EXERCISE DESCRIPTION:
Give all of the records again precisely, excluding whatever pictures they contain.

Data records:
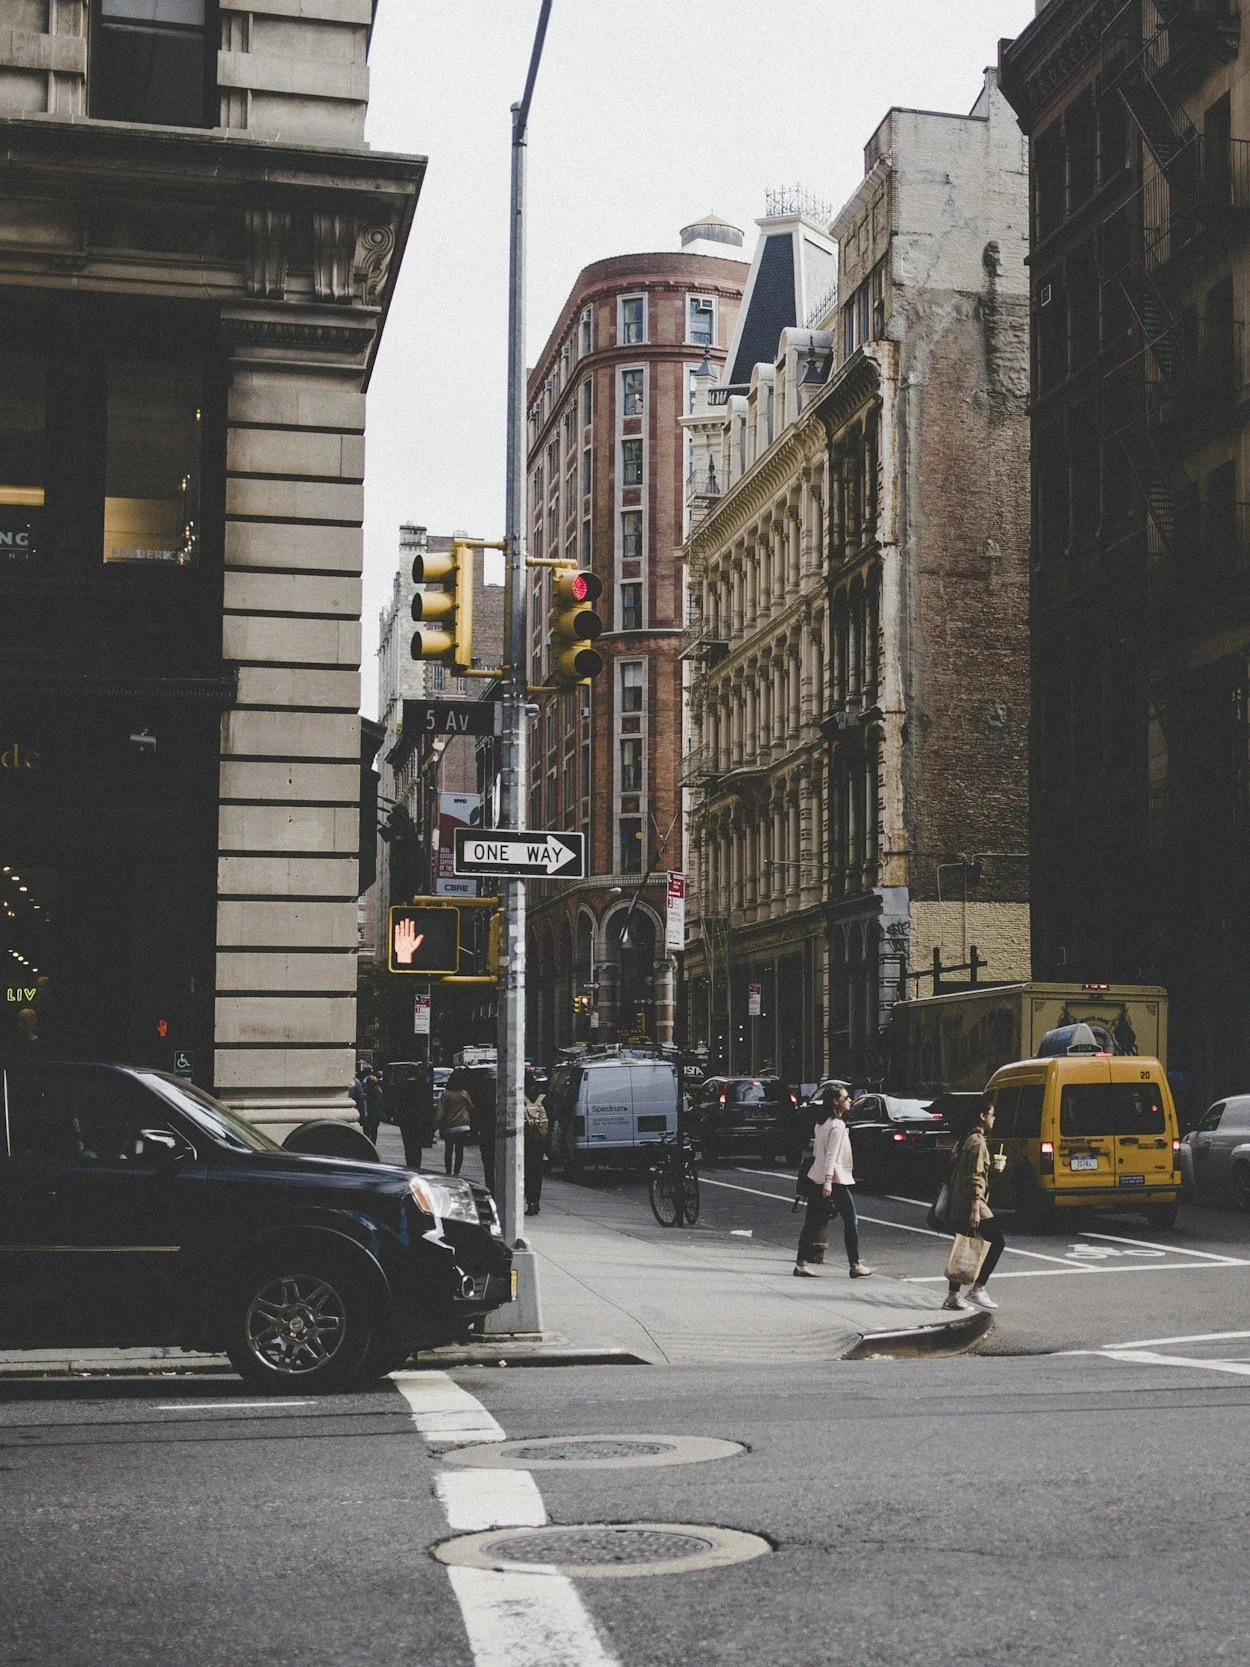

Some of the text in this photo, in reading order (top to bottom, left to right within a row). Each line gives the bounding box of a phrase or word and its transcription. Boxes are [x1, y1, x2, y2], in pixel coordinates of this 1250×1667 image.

[426, 710, 469, 730] 5 Av
[474, 843, 563, 863] ONE WAY
[1140, 1071, 1150, 1079] 20
[592, 1105, 625, 1113] Spectrum
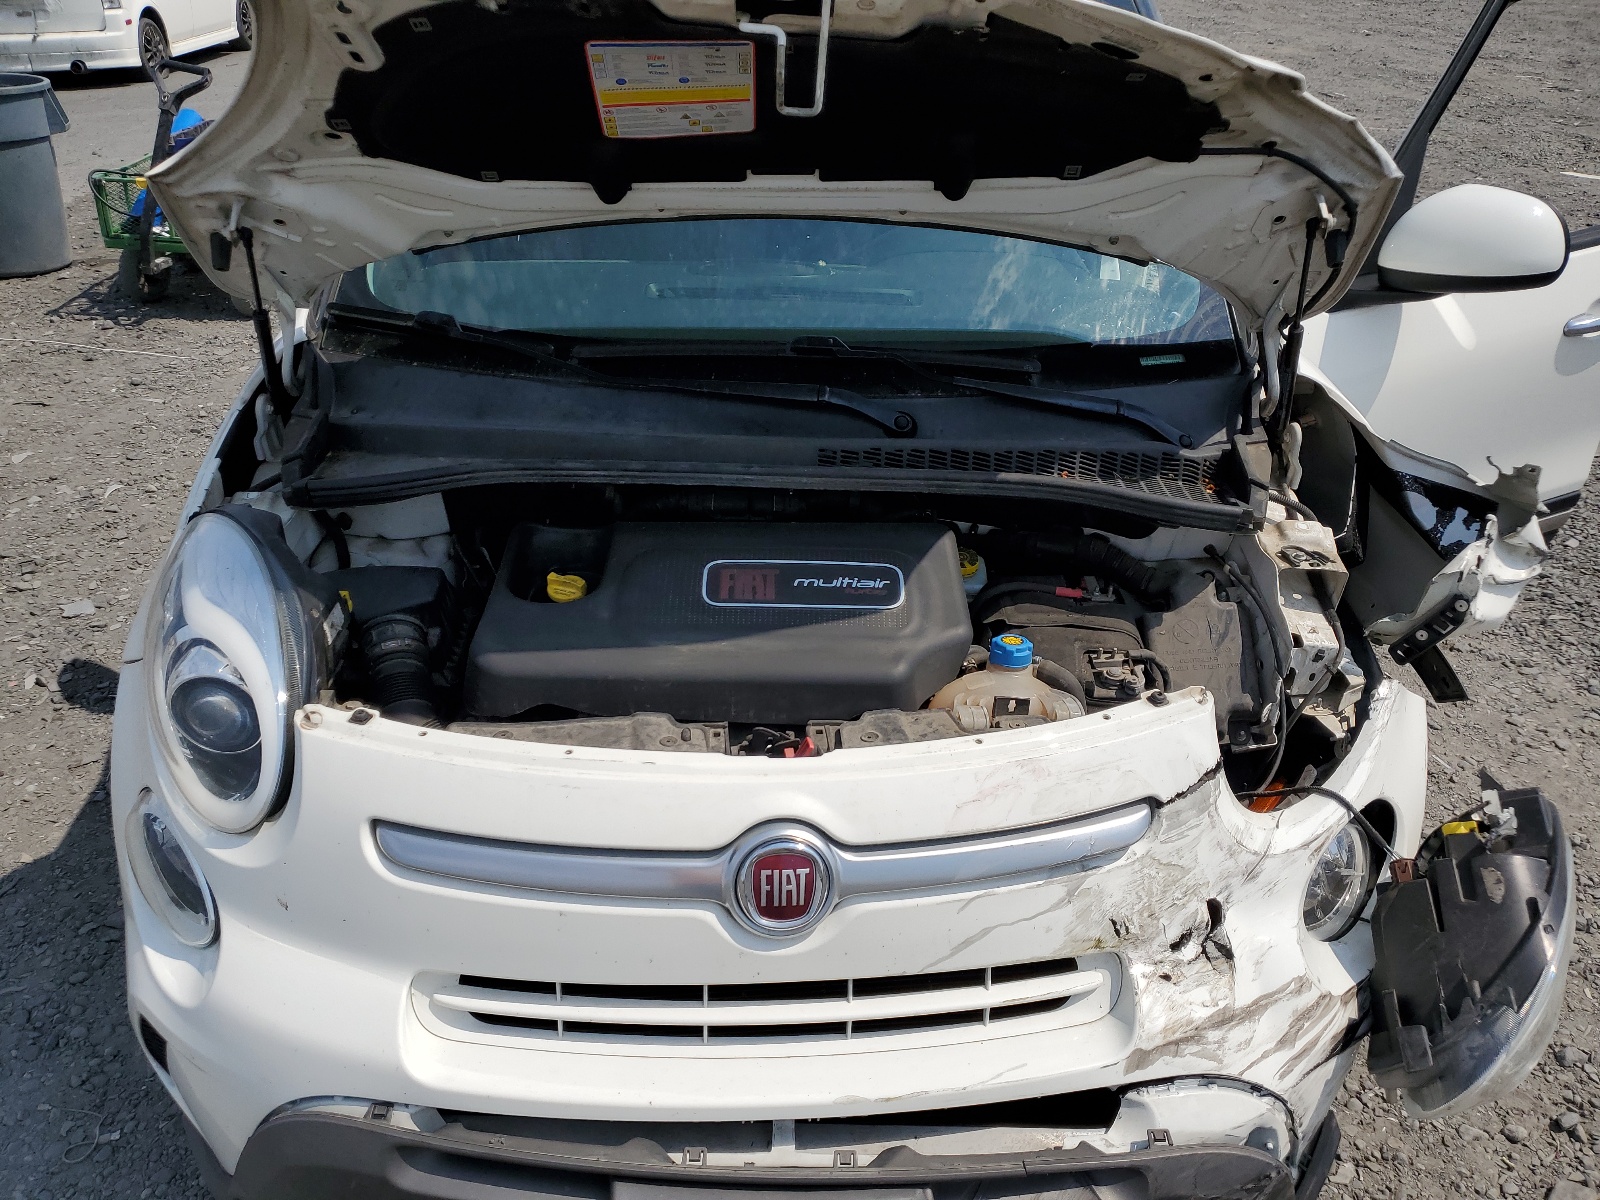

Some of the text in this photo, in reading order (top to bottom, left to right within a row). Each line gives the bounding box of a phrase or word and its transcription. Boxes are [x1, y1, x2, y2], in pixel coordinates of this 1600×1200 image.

ANSWER TO THE PROBLEM:
Some of the text in this photo, in reading order (top to bottom, left to right within a row). Each line gives the bounding box of a phrase or word and its transcription. Boxes are [x1, y1, x2, y2], in pixel coordinates of this 1250×1667 image.

[426, 710, 469, 730] 5 Av
[474, 843, 563, 863] ONE WAY
[1140, 1071, 1150, 1079] 20
[592, 1105, 625, 1113] Spectrum

Some of the text in this photo, in reading order (top to bottom, left to right within a row). Each line gives the bounding box of a phrase or word and its transcription. Boxes are [x1, y1, x2, y2], in pixel coordinates of this 1600×1200 image.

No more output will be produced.